Before joining Manulife's head office in Toronto, he had been the chief financial officer of Philadelphia-based Cigna Corp. His wife and daughter initially moved with him to Canada, but moved back to Philadelphia last summer to be close to friends and family. "I certainly worked hard to try to make the commute work; it just got to be exhausting," Mr. Bell said. "My daughter's 14 now, it's a pivotal age, and it just didn't seem to be the right kind of arrangement."

He said he will stay on at Manulife to help find his successor and assist with the transition, and has not made plans for his next job yet.

"I can only imagine that it's been a very tough period for him, and also, I would think, a very frustrating period," said John Kinsey, a portfolio manager at Caldwell Securities, referring to the various new rules regulators and accounting bodies are ushering in that are hampering the life insurance sector.

Despite the hurdles, Mr. Bell improved the flow of information from Manulife to investors and helped to reposition the company in the face of the threat posed by low interest rates and stock markets.

"Because of the magnitude of Manulife's progress on these fronts during his tenure, we believe his departure is a central contributor to the sell-off in the stock this morning," National Bank analyst Peter Routledge wrote in a note to clients. The stock fell by nearly 2 per cent Thursday, ending the day at $11.88.

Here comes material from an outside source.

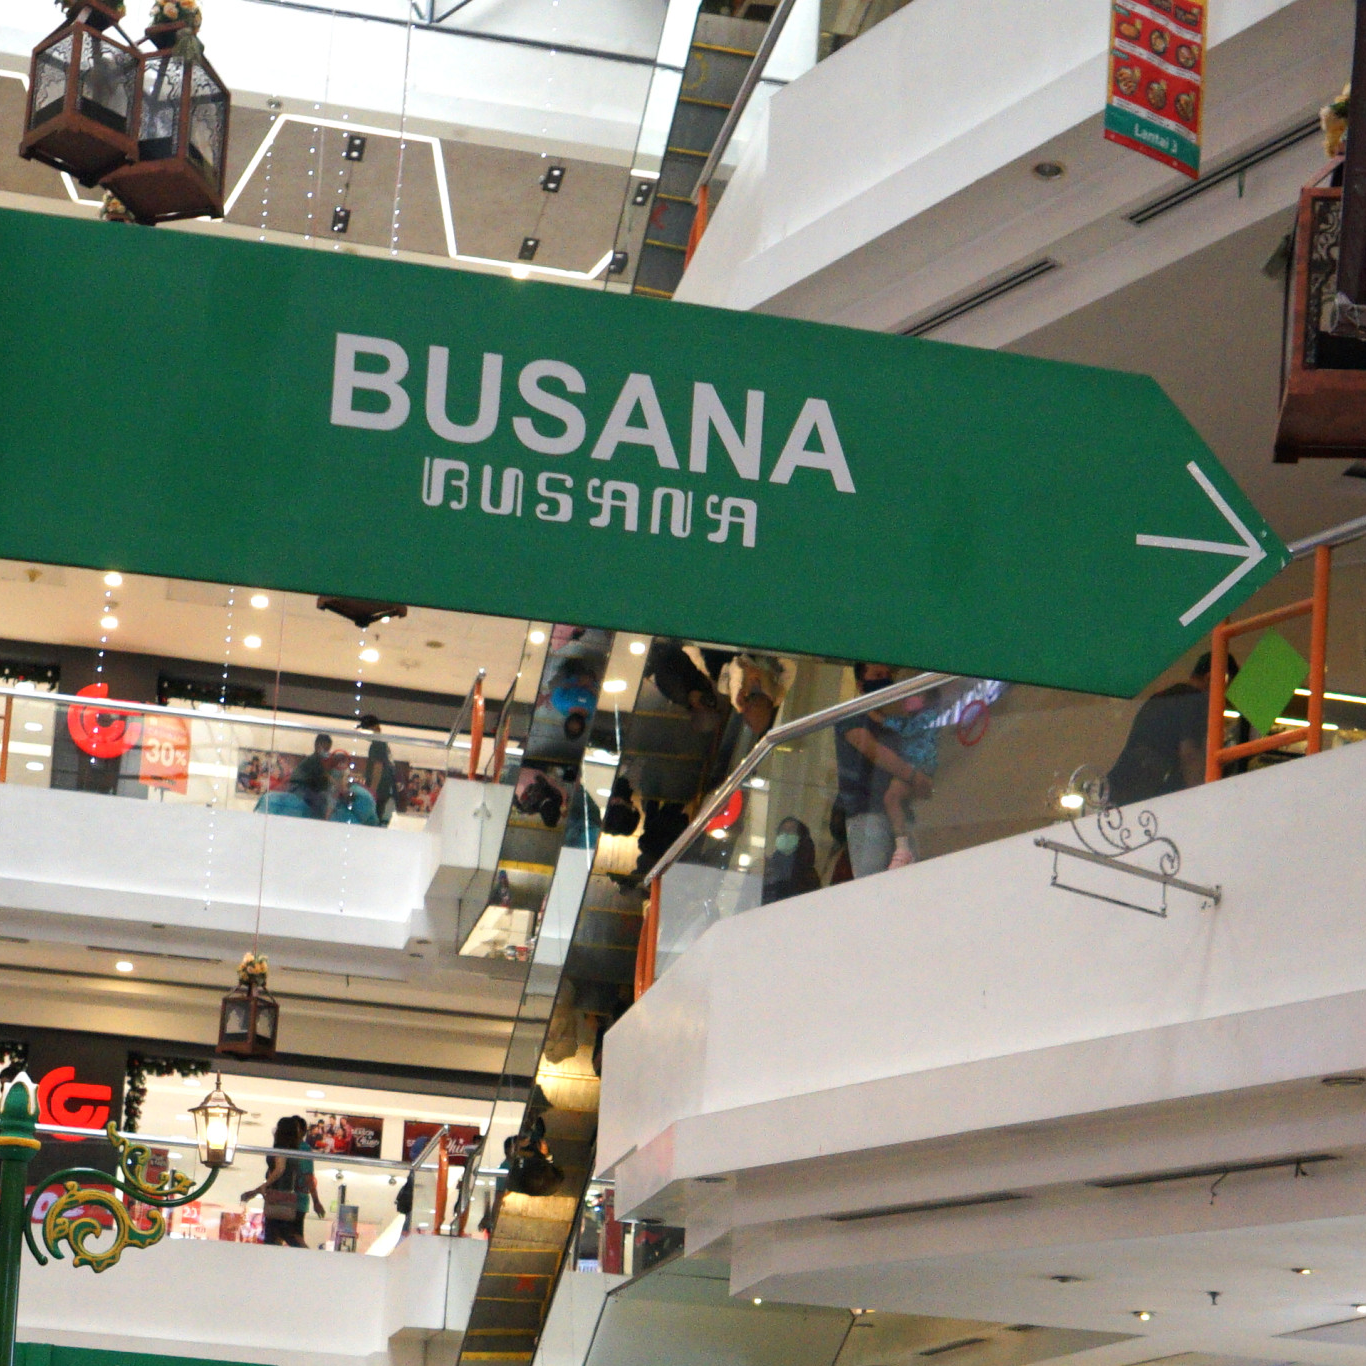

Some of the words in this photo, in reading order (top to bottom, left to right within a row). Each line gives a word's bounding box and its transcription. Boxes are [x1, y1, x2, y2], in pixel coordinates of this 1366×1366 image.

[330, 332, 857, 494] BUSANA
[421, 456, 759, 548] BUSANA
[145, 738, 187, 767] 30%

"We understand that Manulife began a search process some time ago, with both internal and external candidates under consideration," Mr. Routledge wrote. "Mr. Bell's successor will have sizable shoes to fill."

As Manulife seeks avenues for growth, Mr. Guloien said it is establishing a Canadian wealth management arm that will compete with the big banks for high-net-worth investors.

Canada's financial services giants are locked in a fierce battle for this group, because of the fees to be made from managing their assets and helping them transfer their wealth to the next generation. As low interest rates and other factors eat away at the profitability of the core insurance products offered by companies such as Manulife and Sun Life Financial, the companies are increasingly encroaching into the wealth-management space thus far dominated by banks and other money managers.

"We're rolling it out initially with one office [for clients in Toronto] and as the concept develops we'll expand it to more locations across Canada," Mr. Guloien said.

Manulife's Canadian operations are placing an even greater emphasis on mutual funds, Manulife bank, and various wealth-management offerings, while seeking to de-emphasize insurance products that carry high interest rate and stock market risk.

The company patted itself on the back for ushering in a series of industry-wide insurance price hikes.

"With the continued declines in interest rates, [Manulife's individual insurance business]demonstrated market leadership by introducing universal life price increases in October 2011, with most competitors subsequently following our lead," said Paul Rooney, CEO of Manulife Canada.